Wednesday night is a repeat...Thursday night as well. One of the days I even start to love his body in the morning and it ends not with sex but with a blow job. I think in 21 years, he has let me give him a blow job without sex less than a handful of times. Let me? Sounds weird, right? It has always bothered me. And it is part of his problem..he has a hard time letting me do things for him. It makes me crazy...how can you go to someone else for something when you can't ask--won't even accept stuff I WANT to give from me??

So this keeps working for me....the days are hard, we sometimes fight...fight? no....I am sometimes angry, there isn't any fighting..what is there to fight about? He completely admits he fucked up. And then at night I feel safe in his arms because of sex.

Saturday...I see signs my period is coming. I freak...How will I sleep without sex? I think he realizes now what a crutch this has become for me. He tries to reassure me everything will be ok. I worry. The night comes and my period isn't quite here yet...relief --we have sex, but I know tomorrow night will be different. Why couldn't NOW be the time my period skipped a few months?
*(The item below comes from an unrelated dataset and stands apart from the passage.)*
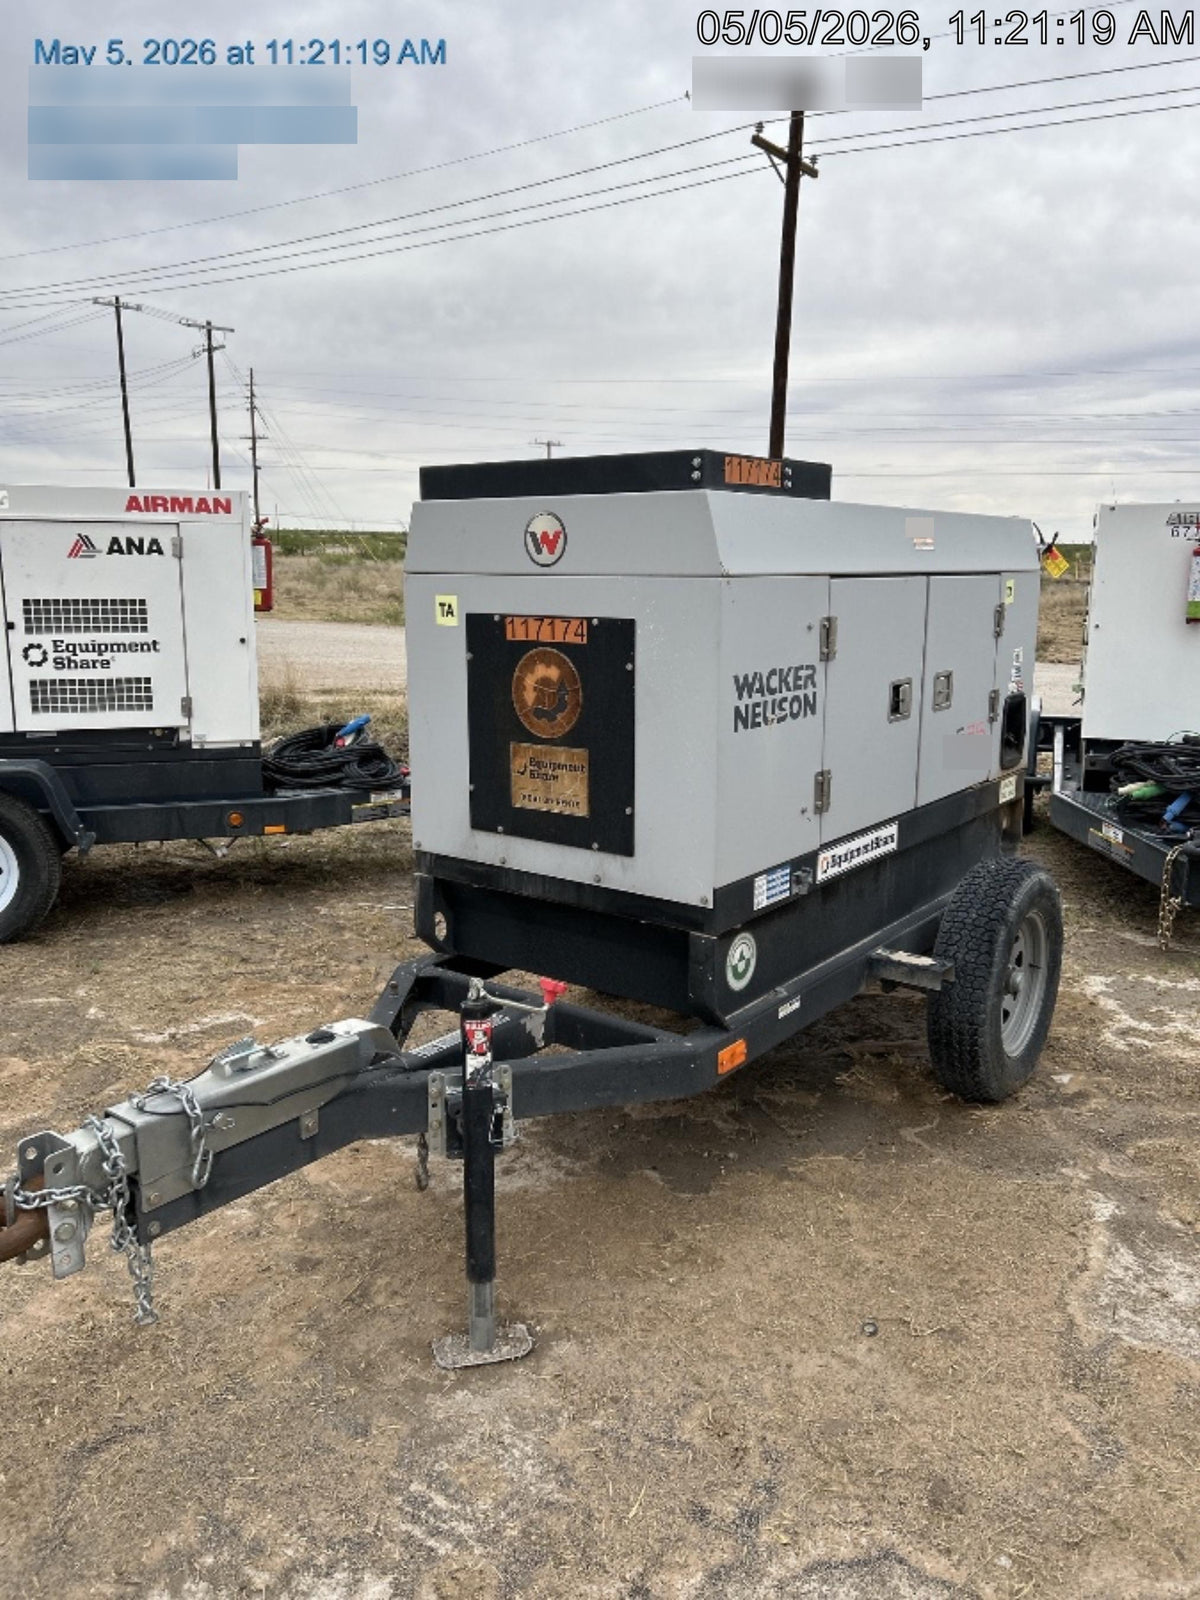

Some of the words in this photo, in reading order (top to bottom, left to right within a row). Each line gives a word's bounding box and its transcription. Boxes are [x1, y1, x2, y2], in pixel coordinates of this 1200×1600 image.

Ahhh I remember thinking menopause was finally here and my moods would be gone and that we had survived, we would be ok...but we hadn't...we were in the midst of failing spectacularly. So Sunday came and he let me love him again. Telling me how unnecessary it was, but knowing I needed it.
Monday night we went camping...I planned on doing the same but A) it was too cold and B) he hinted he kinda needed a break!. I slept like shit but that was the cold and having to pee all night because I knew the bathroom was too far away!

Here it is Friday and still we haven't had sex and I have survived. So I guess that neediness is gone. Now I know I can feel safe without the sex.

And this is why I shared.

I did what I had to to survive. I tried to not berate myself that people would think I was insane for trying to save my marriage, letting him sleep in my bed...and what?!?! having sex with him too! So soon!!??!?

If you find yourself in this situation. Do what is right for YOU. This was never really about
him...I wondered if it was...make him see what he was going to give up. Show him he could never find a lover like me and maybe that was a tiny part of it. But it was mostly about making ME feeling safe, me feeling secure and probably the biggest thing...being in control.

And now you have survived the sex post!! I promise that will be it!

Again..if you are in this situation and you have any questions for me...don't hesitate to ask.
Remember the first time this happened to me, my reaction was different...I didn't want sex and I cried during it. There isn't a right way to do this. I just wanted to share my way.

AFTER PUBLISHED EDIT:

So last night, I freaked and took down this post. I was sure it was too much after all. I hadn't re-read it, just was sure it was too much. I have re-read it (at 5 in the damn morning!) and decided it was ok. I had kept the really private parts private. It isn't quite clinical but I am ok with this much being out there. Only 12 had read it and I was sooo glad. Some of my recent posts are up to 70 views! YIKES! I didn't think so many people read my blog!

I also remembered a pretty important detail I left out...I mentioned that with that first asshole I cried during sex...I didn't this time, in fact HE cried after our first time. It felt genuine and real. It made a world of difference in my confidence that giving us a chance was the right thing to do. So not only did having sex so soon not hurt me, it may have helped.